Could you restate every entry word for word, minus the pictures?
START Excerpted data
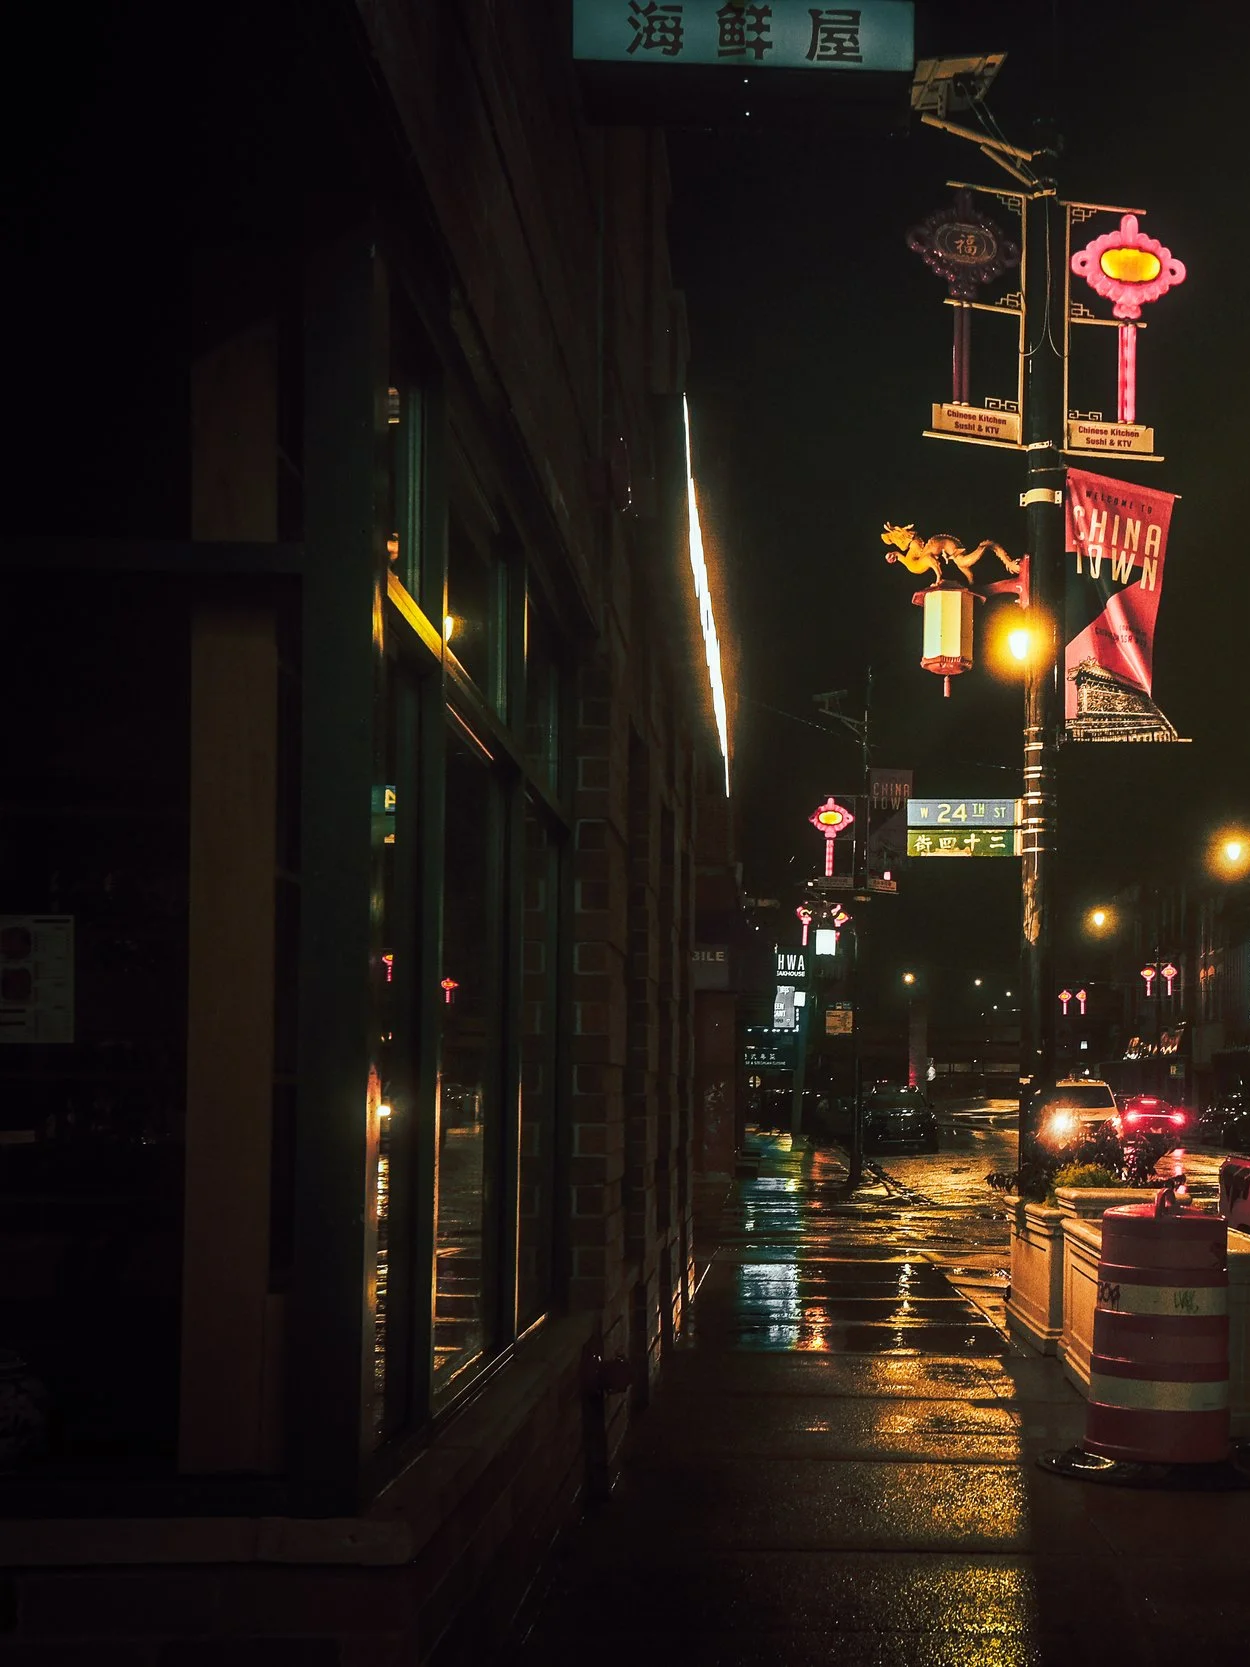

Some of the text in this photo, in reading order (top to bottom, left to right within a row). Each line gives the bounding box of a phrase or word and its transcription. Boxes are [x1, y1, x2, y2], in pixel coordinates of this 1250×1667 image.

[625, 0, 863, 63] 海鮮屋
[946, 409, 1007, 425] Chinese Kitchen
[954, 421, 999, 435] Sushi & KTV
[1078, 426, 1140, 438] Chinese Kitchen
[1085, 437, 1132, 448] Sushi & KTV
[1086, 490, 1153, 514] WELCOME TO
[1073, 505, 1162, 557] CHINA
[1072, 540, 1158, 591] TOWN
[873, 782, 910, 797] CHINA
[920, 807, 929, 819] W
[993, 807, 1007, 818] ST
[777, 953, 805, 971] HWA
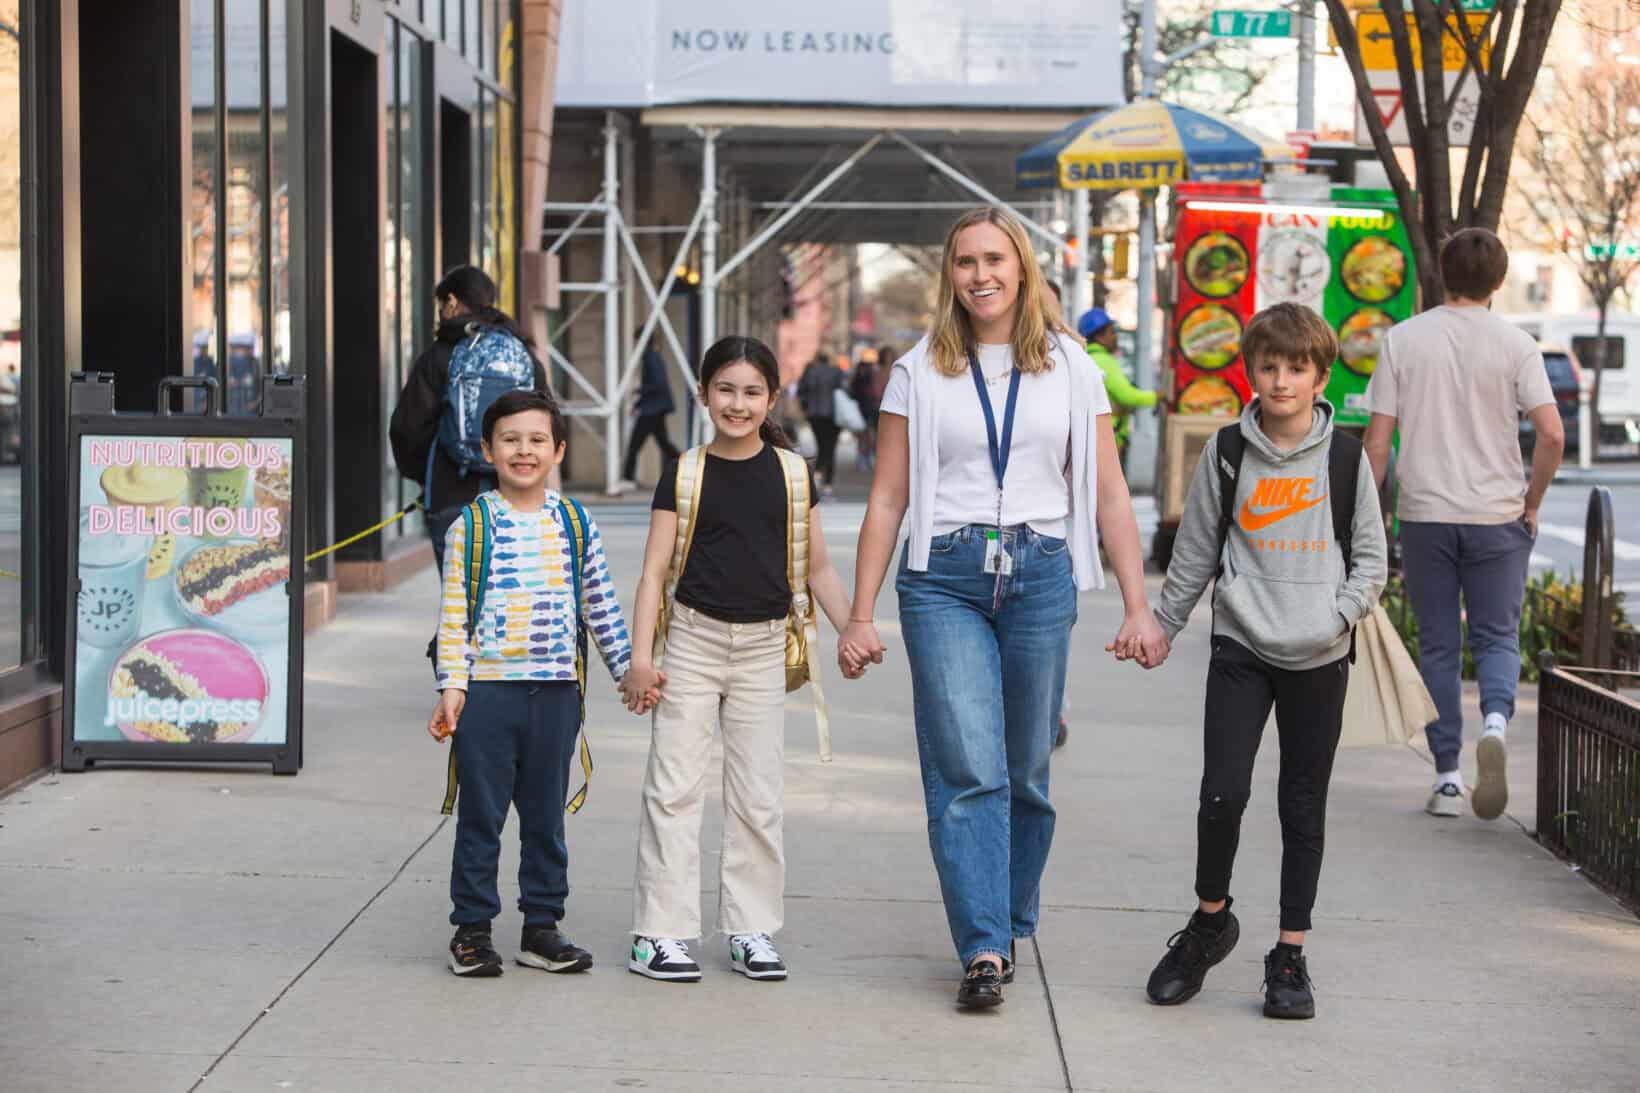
END Excerpted data
Your response:
Some of the text in this photo, in reading order (top to bottom, left to right within a row). Each line gives the bounding box of a phrase or word and its transcription. Boxes are [x1, y1, x2, y2], in pixel coordinates of this 1250×1667 image.

[625, 0, 863, 63] 海鮮屋
[946, 409, 1007, 425] Chinese Kitchen
[954, 421, 999, 435] Sushi & KTV
[1078, 426, 1140, 438] Chinese Kitchen
[1085, 437, 1132, 448] Sushi & KTV
[1086, 490, 1153, 514] WELCOME TO
[1073, 505, 1162, 557] CHINA
[1072, 540, 1158, 591] TOWN
[873, 782, 910, 797] CHINA
[920, 807, 929, 819] W
[993, 807, 1007, 818] ST
[777, 953, 805, 971] HWA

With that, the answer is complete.